● **INFORMATION PROVIDED**:

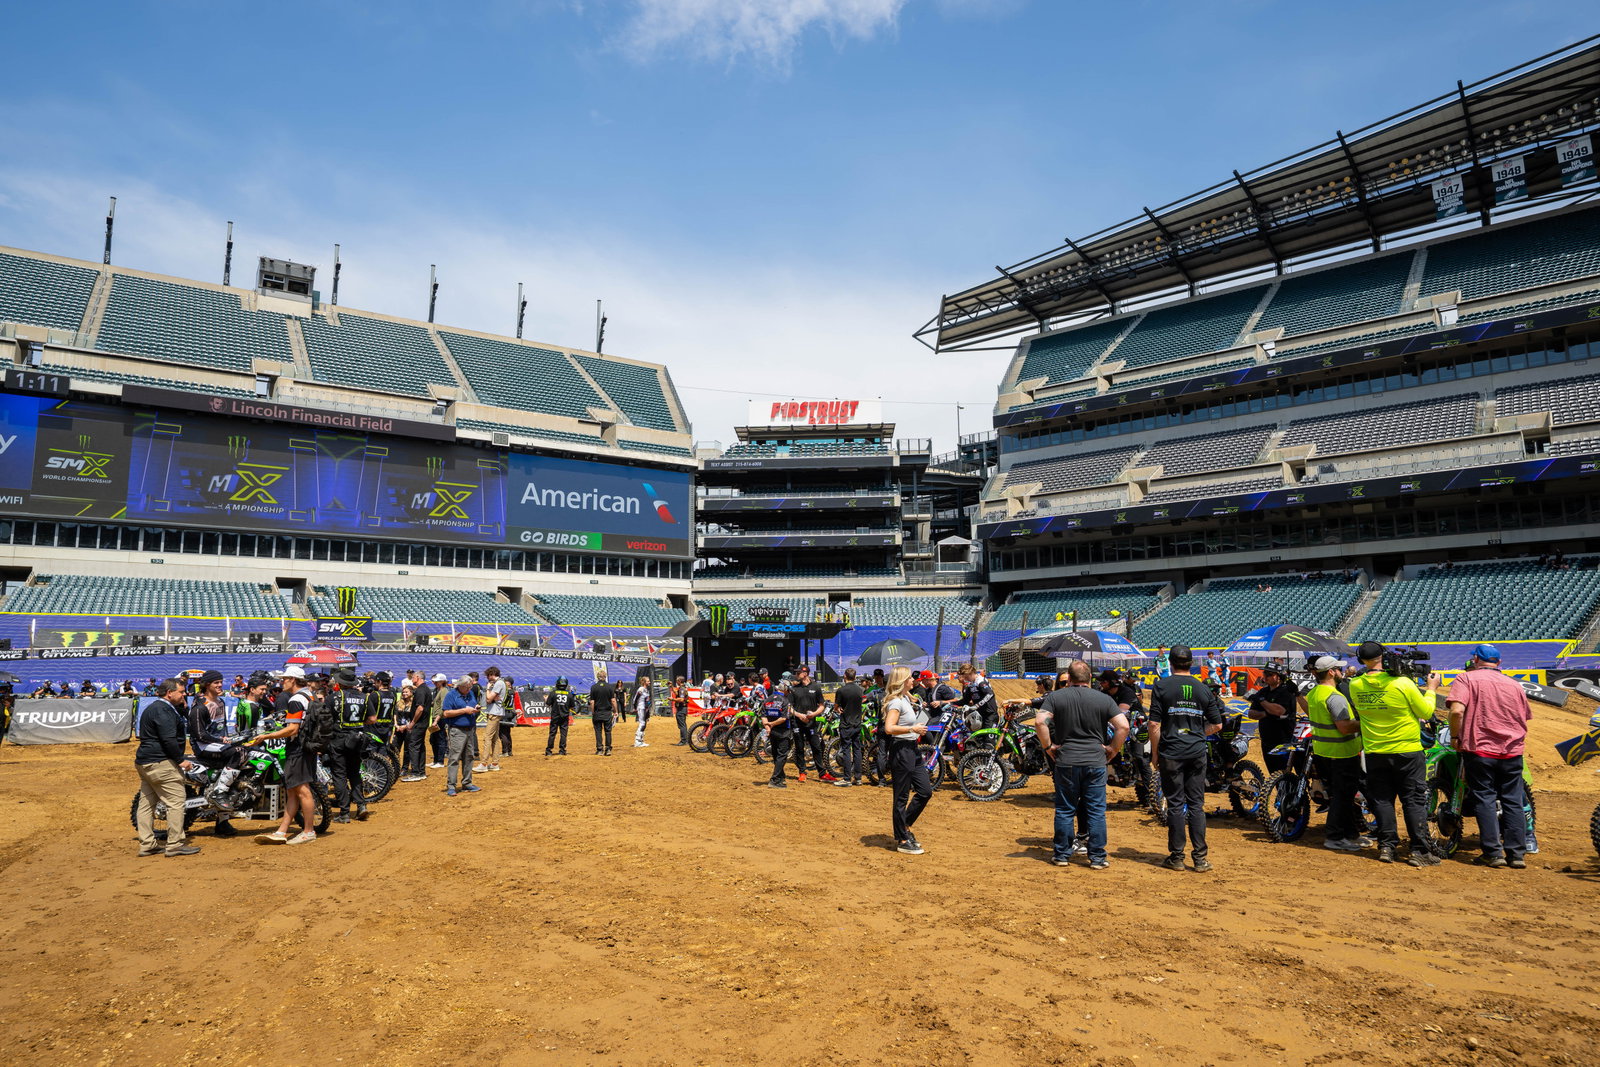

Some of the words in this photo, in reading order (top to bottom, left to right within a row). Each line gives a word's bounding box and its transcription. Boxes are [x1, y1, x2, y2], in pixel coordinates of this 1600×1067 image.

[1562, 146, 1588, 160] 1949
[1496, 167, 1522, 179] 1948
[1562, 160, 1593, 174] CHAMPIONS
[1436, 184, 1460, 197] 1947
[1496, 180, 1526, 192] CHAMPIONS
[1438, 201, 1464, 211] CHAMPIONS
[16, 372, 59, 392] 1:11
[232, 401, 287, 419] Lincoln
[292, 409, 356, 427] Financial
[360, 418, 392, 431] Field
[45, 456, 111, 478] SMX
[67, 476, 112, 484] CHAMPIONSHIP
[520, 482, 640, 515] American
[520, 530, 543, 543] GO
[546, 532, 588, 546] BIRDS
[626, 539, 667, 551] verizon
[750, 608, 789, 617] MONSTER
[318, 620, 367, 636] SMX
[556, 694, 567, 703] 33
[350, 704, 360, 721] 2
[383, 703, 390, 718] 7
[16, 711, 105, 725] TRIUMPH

● **ASSIGNED TASK**:
The copy you produce must repeat all the entries exactly and contain no pictures.

● **EXERCISE ANSWER**:
Some of the words in this photo, in reading order (top to bottom, left to right within a row). Each line gives a word's bounding box and its transcription. Boxes are [x1, y1, x2, y2], in pixel coordinates of this 1600×1067 image.

[1562, 146, 1588, 160] 1949
[1496, 167, 1522, 179] 1948
[1562, 160, 1593, 174] CHAMPIONS
[1436, 184, 1460, 197] 1947
[1496, 180, 1526, 192] CHAMPIONS
[1438, 201, 1464, 211] CHAMPIONS
[16, 372, 59, 392] 1:11
[232, 401, 287, 419] Lincoln
[292, 409, 356, 427] Financial
[360, 418, 392, 431] Field
[45, 456, 111, 478] SMX
[67, 476, 112, 484] CHAMPIONSHIP
[520, 482, 640, 515] American
[520, 530, 543, 543] GO
[546, 532, 588, 546] BIRDS
[626, 539, 667, 551] verizon
[750, 608, 789, 617] MONSTER
[318, 620, 367, 636] SMX
[556, 694, 567, 703] 33
[350, 704, 360, 721] 2
[383, 703, 390, 718] 7
[16, 711, 105, 725] TRIUMPH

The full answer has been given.